They may be used alone or two or more of them may be used in
admixture. Among them, resins such as polystyrene, polycarbonate,
copolymerized polycarbonate, polyarylate, and polyester have a
volumic resistivity of 10.sup.13 .OMEGA. or more and are also
excellent in the film forming property and the potential
characteristic.
[0082] As the solvent for dissolving the binder resin, alcohols
such as methanol and ethanol, ketones such as acetone, methyl ethyl
ketone, and cyclohexanone, ethers such as ethylether,
tetrahydrofuran, dioxane, and dioxolane, aliphatic halogeno
hydrocarbons such as chloroform, dichloromethane, and
dichloroethane, and aromatics such as benzene, chlorobenzene,
toluene can be used.
[0083] The coating solution for charge transporting layer is
prepared by dissolving a charge transporting substance in a binder
resin solution. The ratio of the charge transporting substance in
the charge transporting layer 5 is preferably within a range from
30 to 80% by weight. For the method of mixing and dispersing the
charge transporting substance in the binder resin solution and the
coating method of the coating solution for charge transporting
layer, the same method as for the undercoat layer 3 is used. The
thickness of the charge transporting layer 5 is, preferably, 10 to
50 .mu.m and more preferably, 15 to 40 .mu.m.
[0084] While this embodiment has a constitution of forming the
charge transporting layer over the charge generating layer, it is
not limitative but may have a constituting of forming the charge
generating layer over the charge transporting layer.

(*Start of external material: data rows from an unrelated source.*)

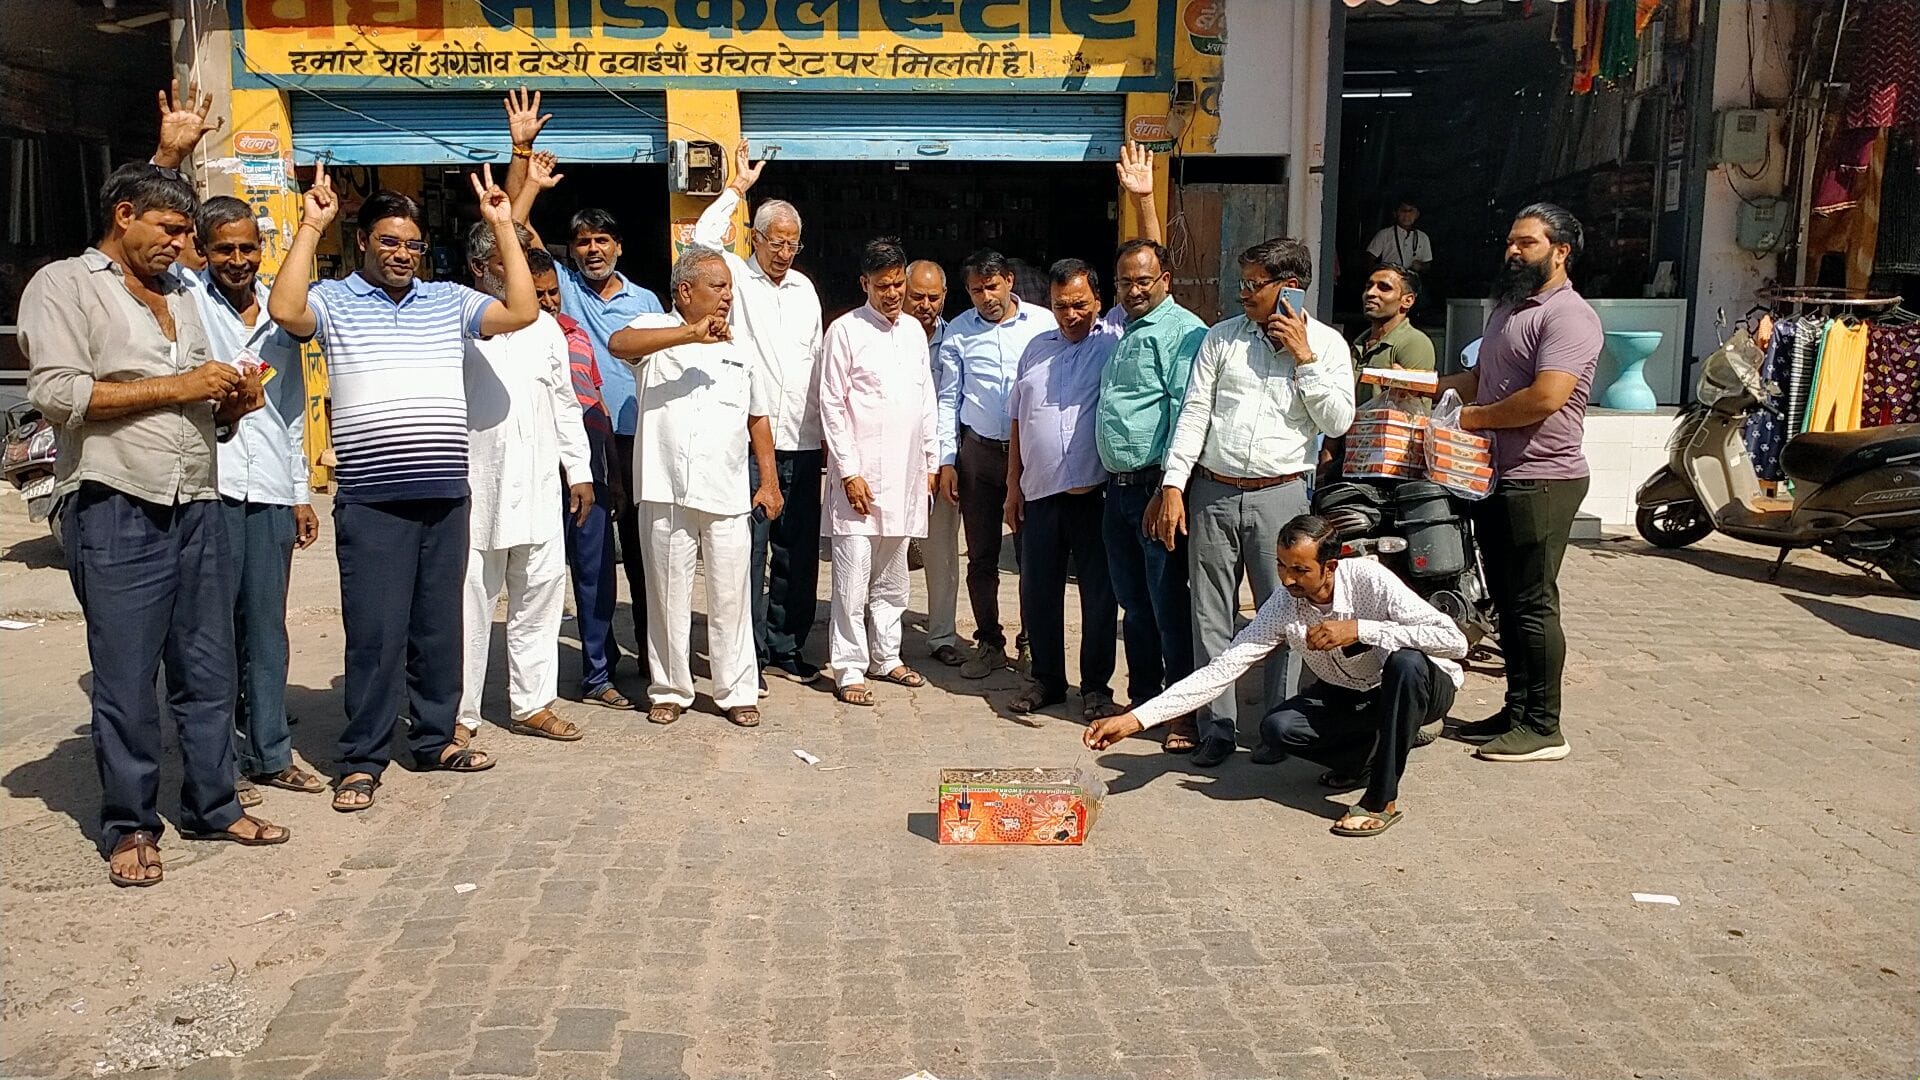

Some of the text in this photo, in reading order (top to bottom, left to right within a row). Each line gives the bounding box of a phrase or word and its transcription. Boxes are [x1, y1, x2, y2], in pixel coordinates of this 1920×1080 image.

[288, 42, 368, 74] हमारे
[374, 42, 427, 76] यहाँ
[518, 42, 596, 75] देशी
[599, 42, 688, 74] दवाईयाँ
[694, 45, 776, 75] उचित
[777, 43, 829, 76] रेट
[832, 51, 878, 76] पर
[886, 44, 1000, 77] मिलती
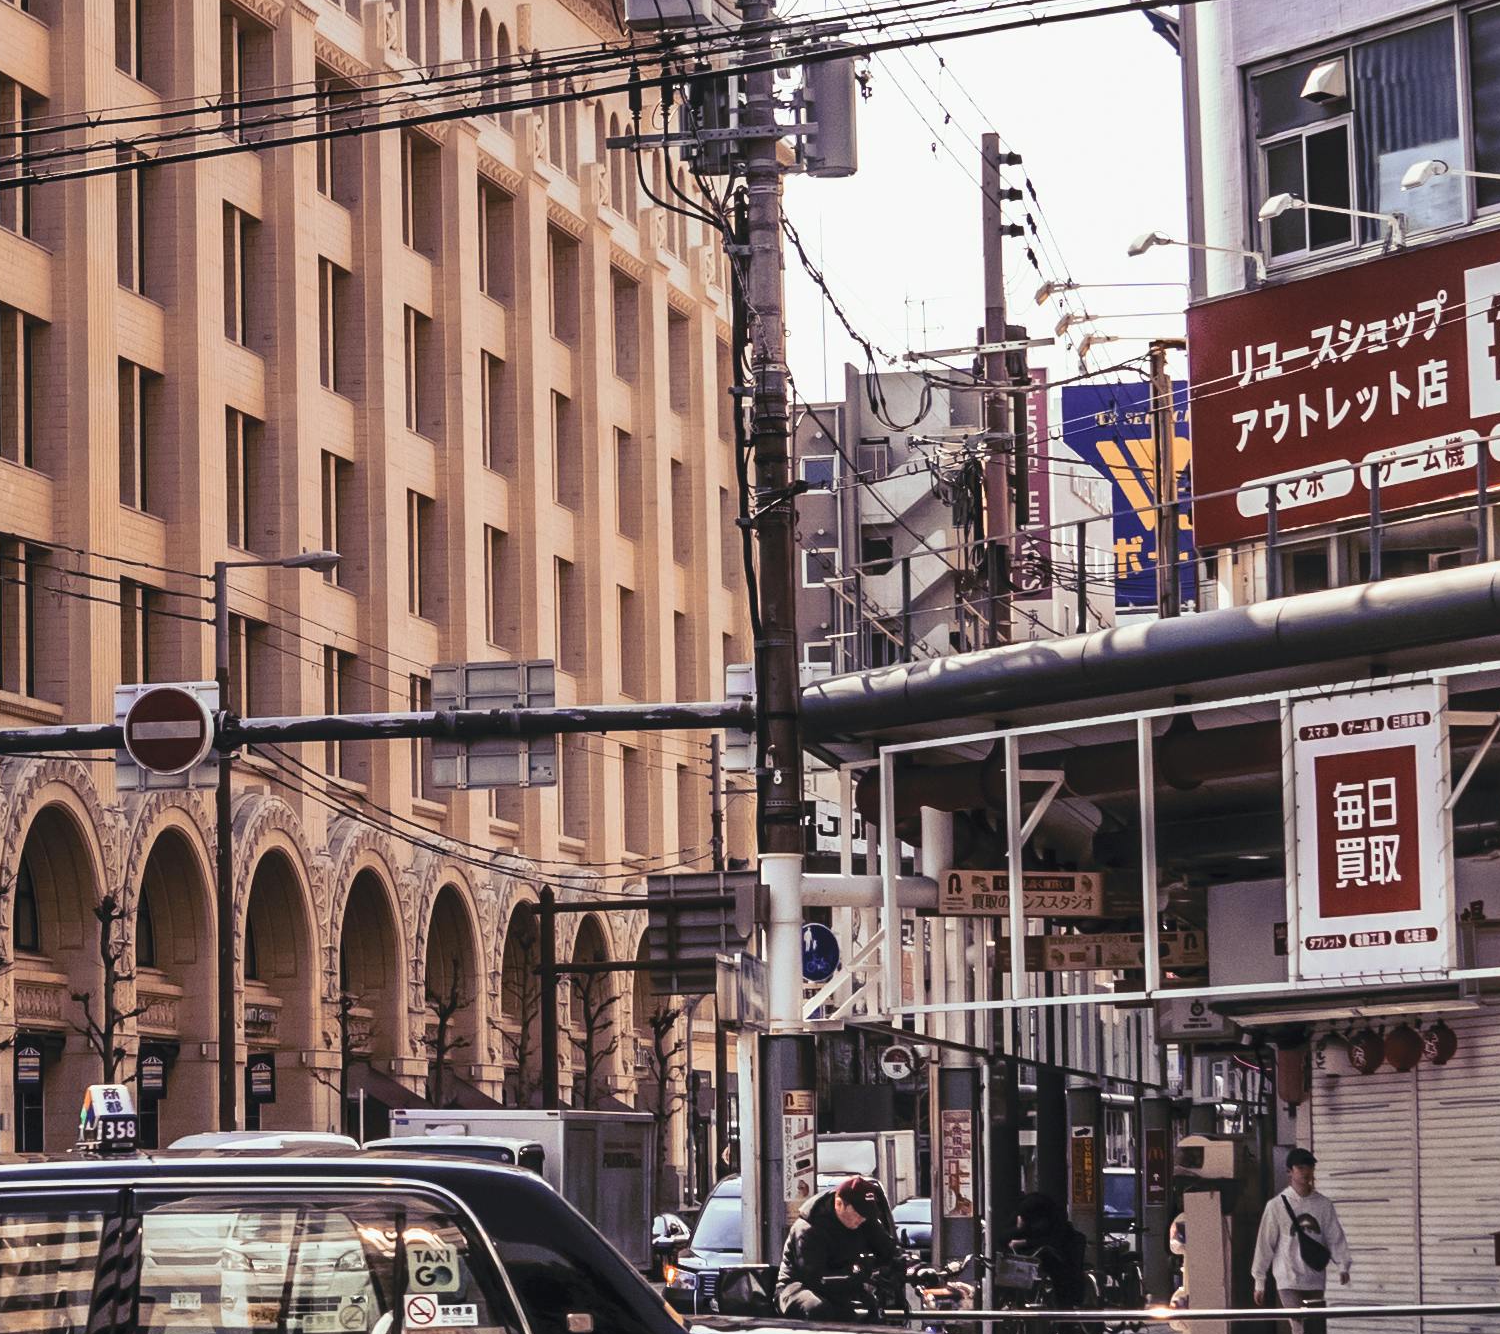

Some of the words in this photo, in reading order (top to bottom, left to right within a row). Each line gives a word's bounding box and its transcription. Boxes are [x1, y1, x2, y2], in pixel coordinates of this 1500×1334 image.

[1232, 359, 1448, 453] アウトレット店
[1333, 777, 1397, 831] 毎日
[1336, 835, 1401, 888] 買取
[972, 893, 1095, 910] 買取のンススタジオ
[106, 1121, 136, 1139] 358
[413, 1250, 450, 1263] TAXI
[415, 1266, 453, 1286] GO

[0085] In this embodiment, each of the layer 3, 4, and 5 laminated
over the conductive substrate 2 is coated and formed by the
dip-coating method. The dip-coating method is to be described
below. The dip coating method is a method of forming a layer of a
photoreceptor by dipping a cylindrical conductive substrate or a
cylindrical conductive substrate formed with an undercoat layer or
the like in a coating tank filled with a coating solution for
undercoat layer or the coating solution containing the
photosensitive material and then pulling-up the same at the
constant speed or at an optionally changing speed. Since the dip
coating method is relatively simple and excellent in view of the
productivity and the cost, it has often been utilized for the
manufacture of photoreceptors. FIG. 3 is a view showing a
constitution of a dip coating apparatus 10. The dip coating in a
case of forming the undercoat layer 3 is to be illustrated, for
example, with reference to FIG. 3.
[0086] The dip coating apparatus 10 generally includes elevation
means 11, a coating tank 12, and coating solution supply means 13.

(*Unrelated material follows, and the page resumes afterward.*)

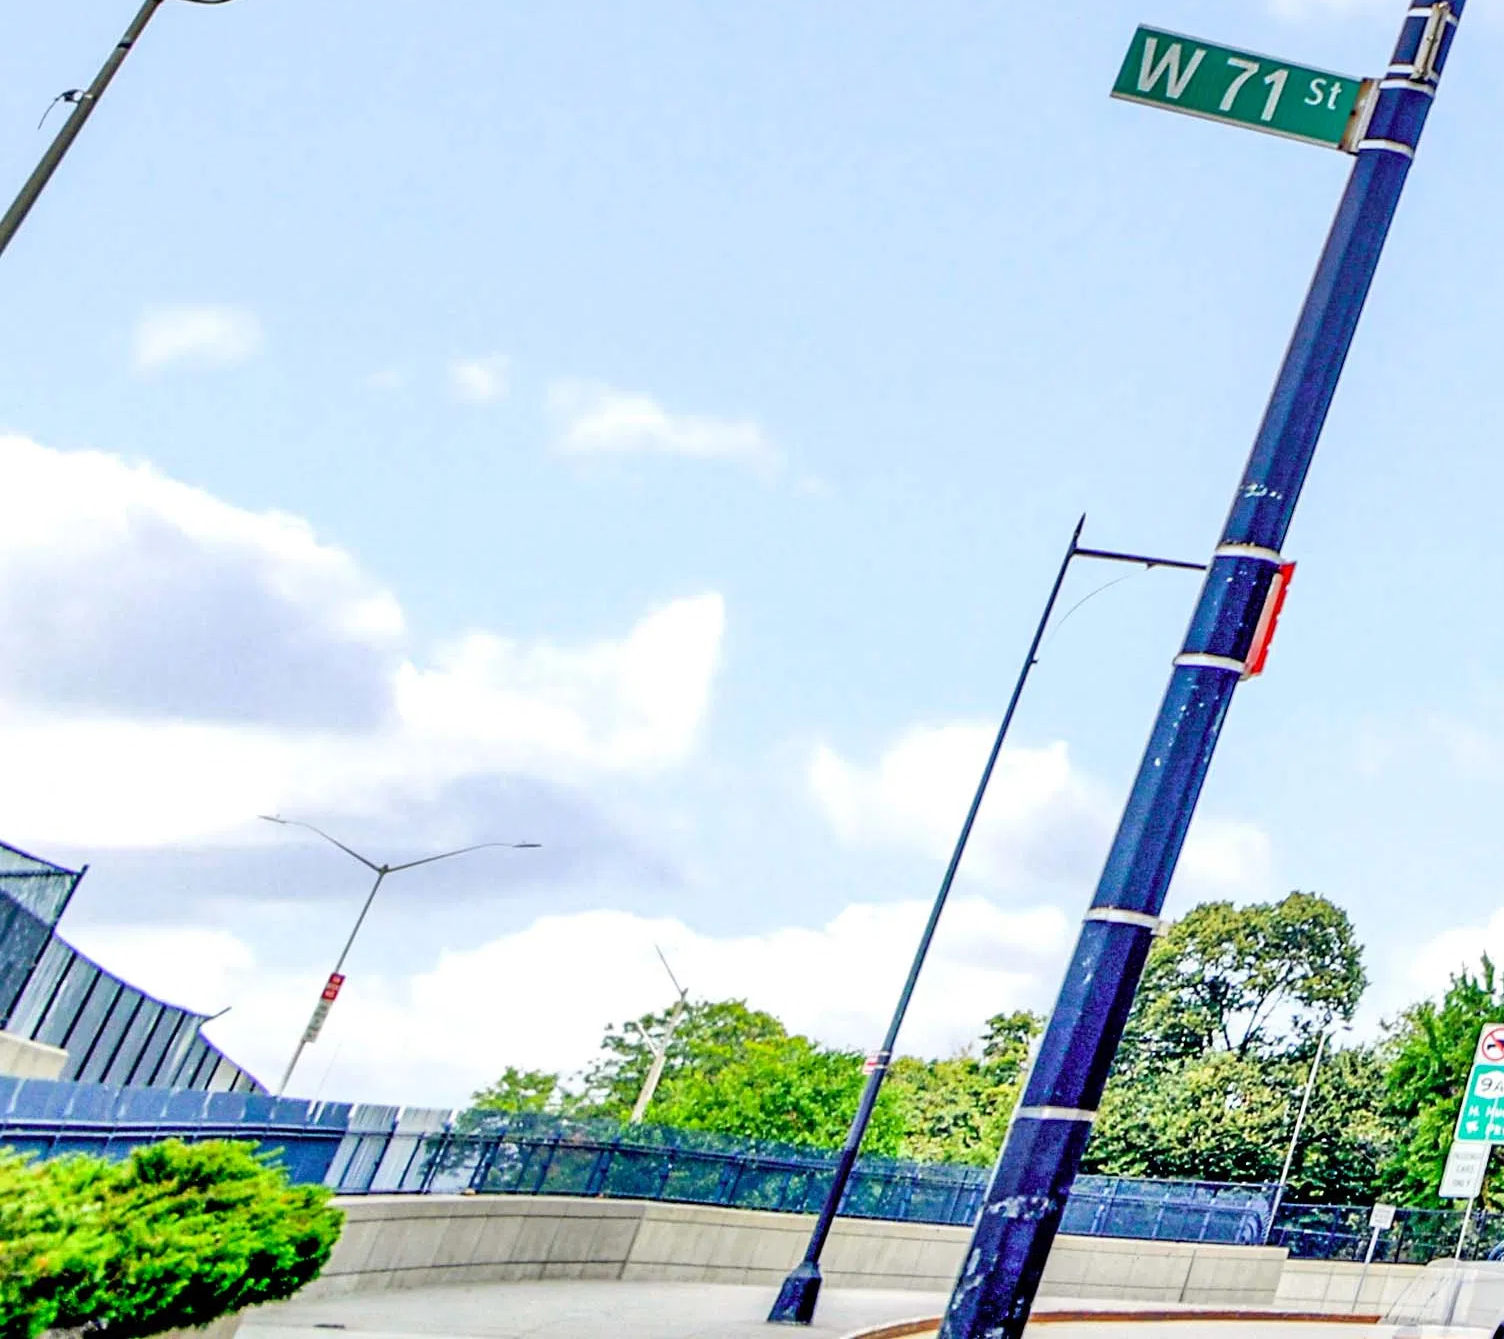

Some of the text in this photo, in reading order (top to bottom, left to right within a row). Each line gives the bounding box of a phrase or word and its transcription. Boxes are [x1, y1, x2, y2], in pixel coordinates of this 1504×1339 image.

[1136, 36, 1342, 122] W 71 St
[1480, 1077, 1504, 1092] 9A

The elevation means 11 includes a chucking portion 14 for chucking
the conductive substrate 2, a driving member 16 for vertically
driving the chucking portion 14 in the direction of an arrow 15, a
motor 17 as a driving source, and a gearing portion 18 for
transmitting the driving force of the motor 17 to the driving
member 16. The driving member 16 is embodied, for example, by a
ball screw. When the conductive substrate 2 is chucked by a
chucking portion 14 and the amount of rotation of the motor 17 is
controlled, the conductive substrate 2 can be moved by a desired
distance in the direction of the arrow 15.

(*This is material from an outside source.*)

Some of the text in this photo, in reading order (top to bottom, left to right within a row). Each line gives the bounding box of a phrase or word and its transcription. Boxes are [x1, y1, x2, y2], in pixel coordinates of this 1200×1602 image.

[0087] The coating tank 12 is a hollow container made of a metal or
synthetic resin and a coating solution 19 for undercoat layer is
contained in the inner space thereof. The coating solution
contained in the coating tank 12 is not restricted to the coating
solution for undercoat layer but a coating solution for charge
generating layer is contained during formation of the charge
generating layer, and a coating solution for charge transporting
layer is contained during formation of the charge transporting
layer.
[0088] The coating solution supply means 13 includes an auxiliary
tank 21 for recovering the coating solution overflowing from the
coating layer 12 in the direction of an arrow 20, a stirring device
22 for stirring the coating solution 19a in the auxiliary tank 21
by a stirring blade 22a, a viscosity measuring instrument 23 for
measuring the viscosity of the coating solution 19a in the
auxiliary tank 21, a solvent adding device 24 for adding a solvent
to control the viscosity of the coating solution 19a in the
auxiliary tank 21, a pump 26 for supplying the coating solution 19a
in the auxiliary tank 21 in the direction of an arrow 25, that is,
to the coating tank 12, and a filter 27 disposed in the midway of
the supply tube for the coating solution 19a.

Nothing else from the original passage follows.